-- WORK INSTRUCTION --
Return all of the data exactly, omitting any images.

-- RECORDS FOR THIS EXERCISE --
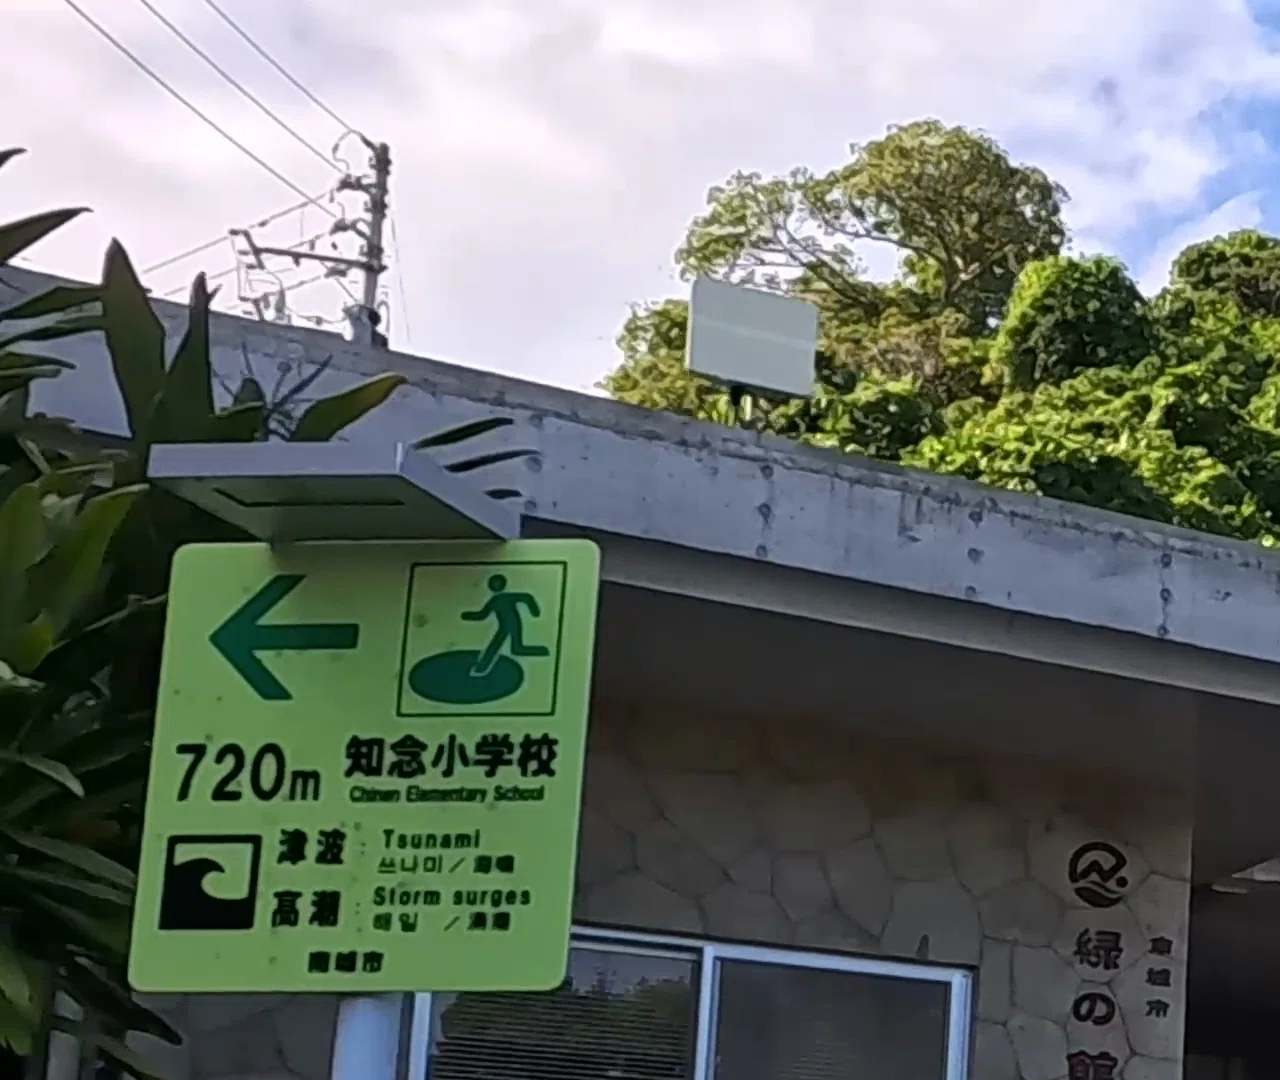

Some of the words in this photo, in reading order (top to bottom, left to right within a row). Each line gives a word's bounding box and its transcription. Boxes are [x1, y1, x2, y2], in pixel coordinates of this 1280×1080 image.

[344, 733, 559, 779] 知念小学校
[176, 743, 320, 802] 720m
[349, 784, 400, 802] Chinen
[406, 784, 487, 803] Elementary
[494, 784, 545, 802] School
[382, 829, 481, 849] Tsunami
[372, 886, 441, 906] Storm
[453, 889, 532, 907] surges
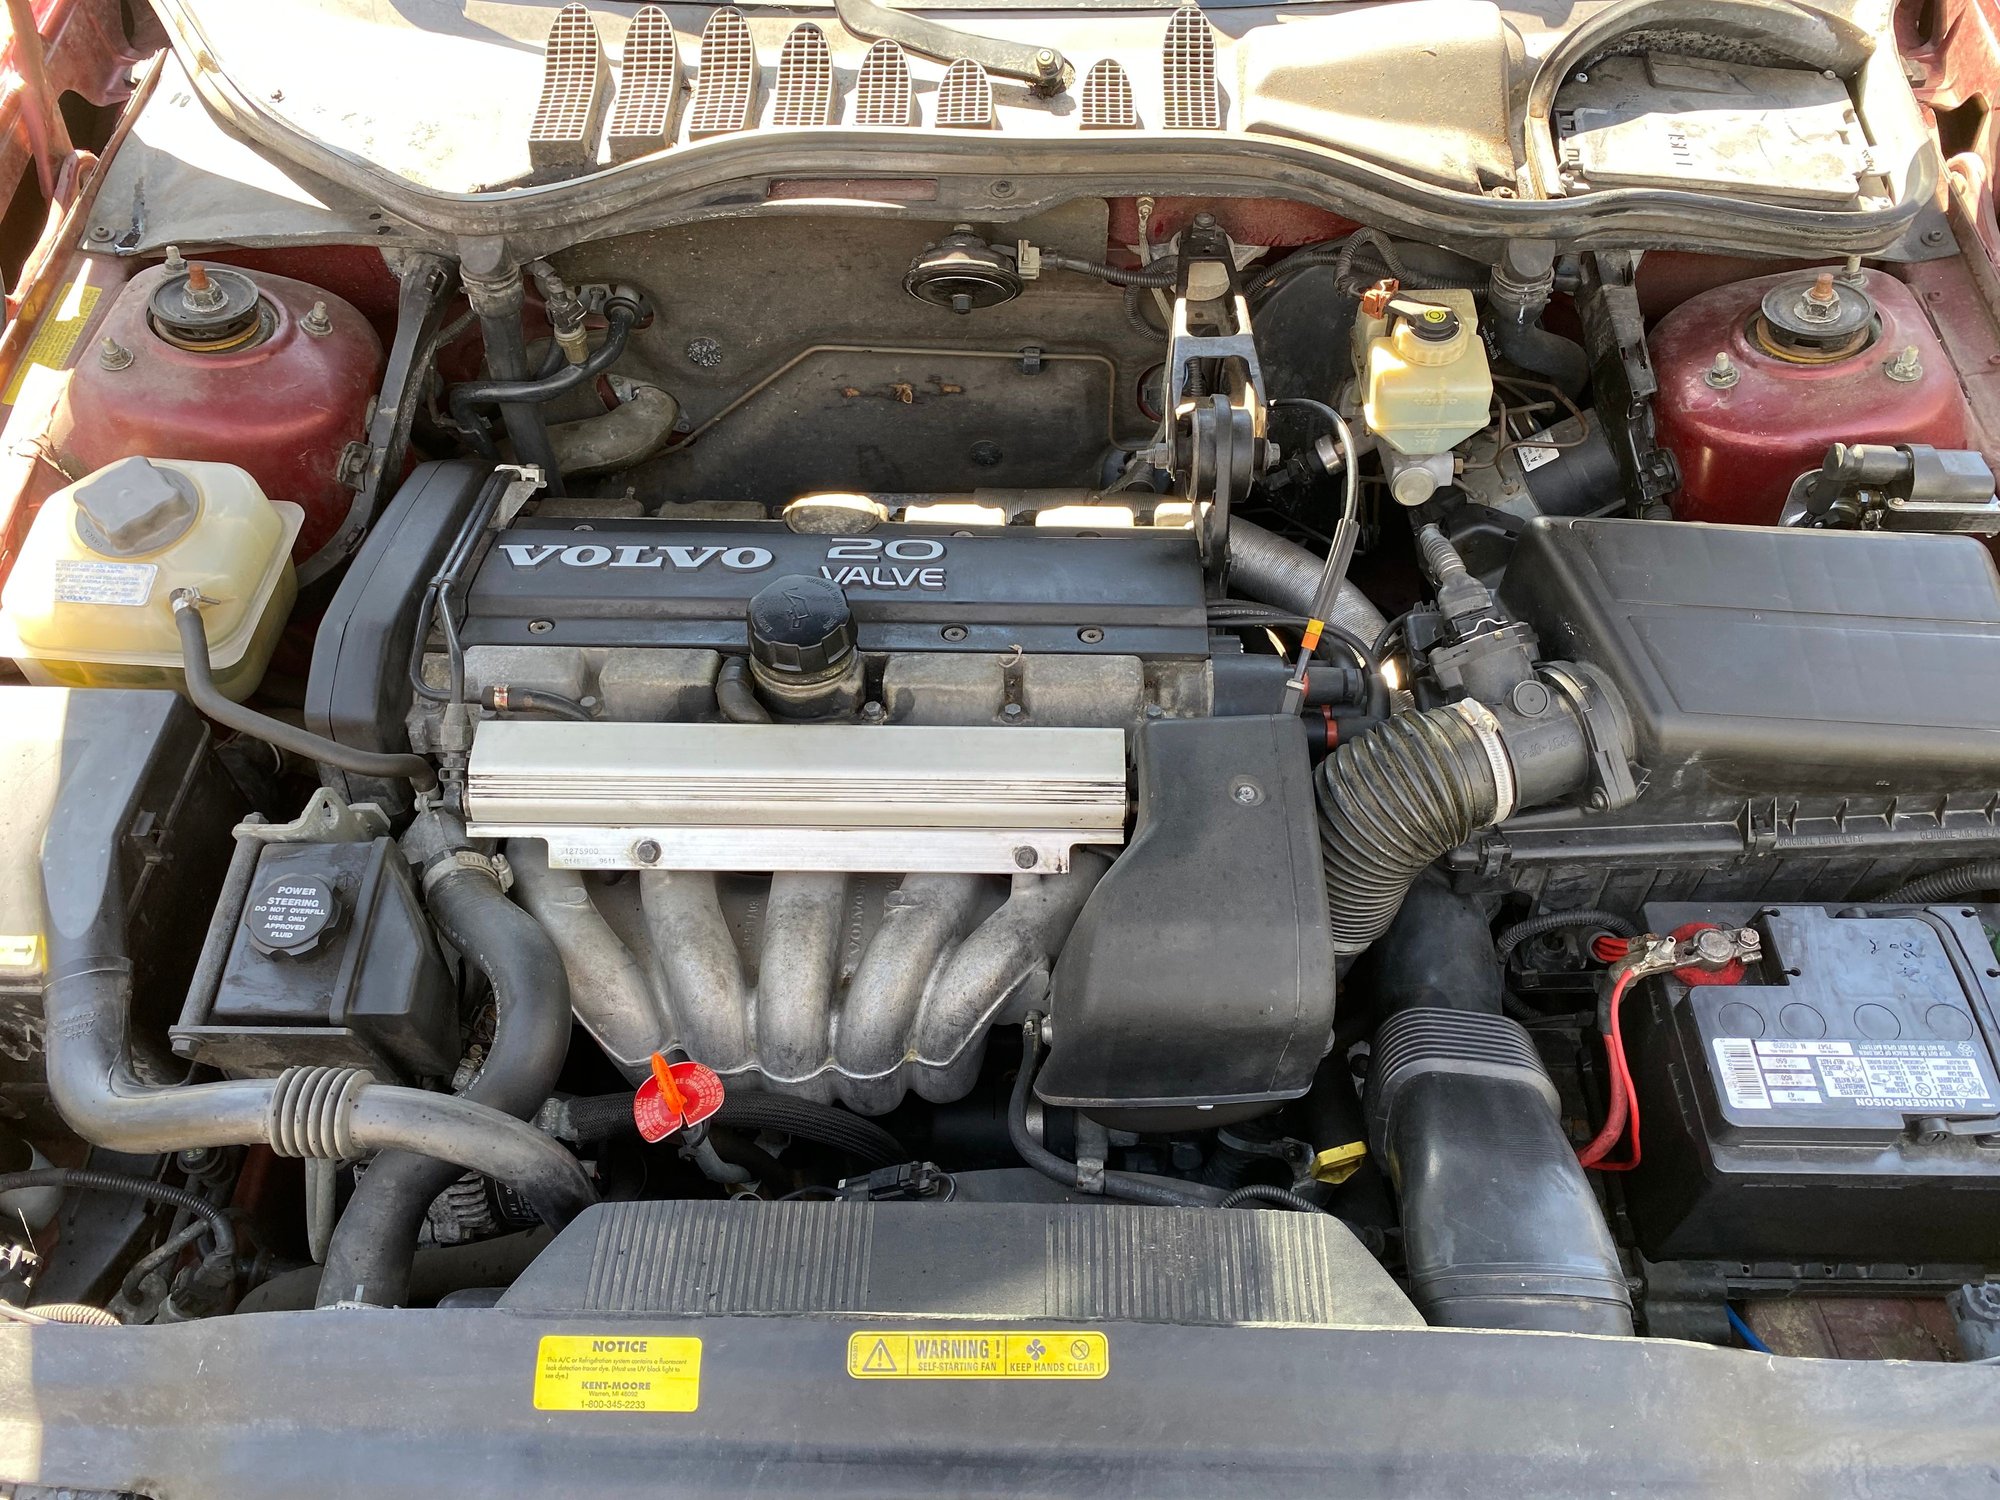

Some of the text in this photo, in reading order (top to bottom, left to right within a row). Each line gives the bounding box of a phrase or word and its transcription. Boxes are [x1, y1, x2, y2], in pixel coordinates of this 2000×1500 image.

-- TASK ANSWER --
Some of the words in this photo, in reading order (top to bottom, left to right within a row). Each line gives a word's bounding box and its transcription. Boxes are [x1, y1, x2, y2], in pixel coordinates of this 1280×1080 image.

[344, 733, 559, 779] 知念小学校
[176, 743, 320, 802] 720m
[349, 784, 400, 802] Chinen
[406, 784, 487, 803] Elementary
[494, 784, 545, 802] School
[382, 829, 481, 849] Tsunami
[372, 886, 441, 906] Storm
[453, 889, 532, 907] surges

Some of the text in this photo, in reading order (top to bottom, left to right within a row). Each line gives the bounding box of a phrase or word and its transcription. Boxes are [x1, y1, x2, y2], in pixel coordinates of this 2000×1500 image.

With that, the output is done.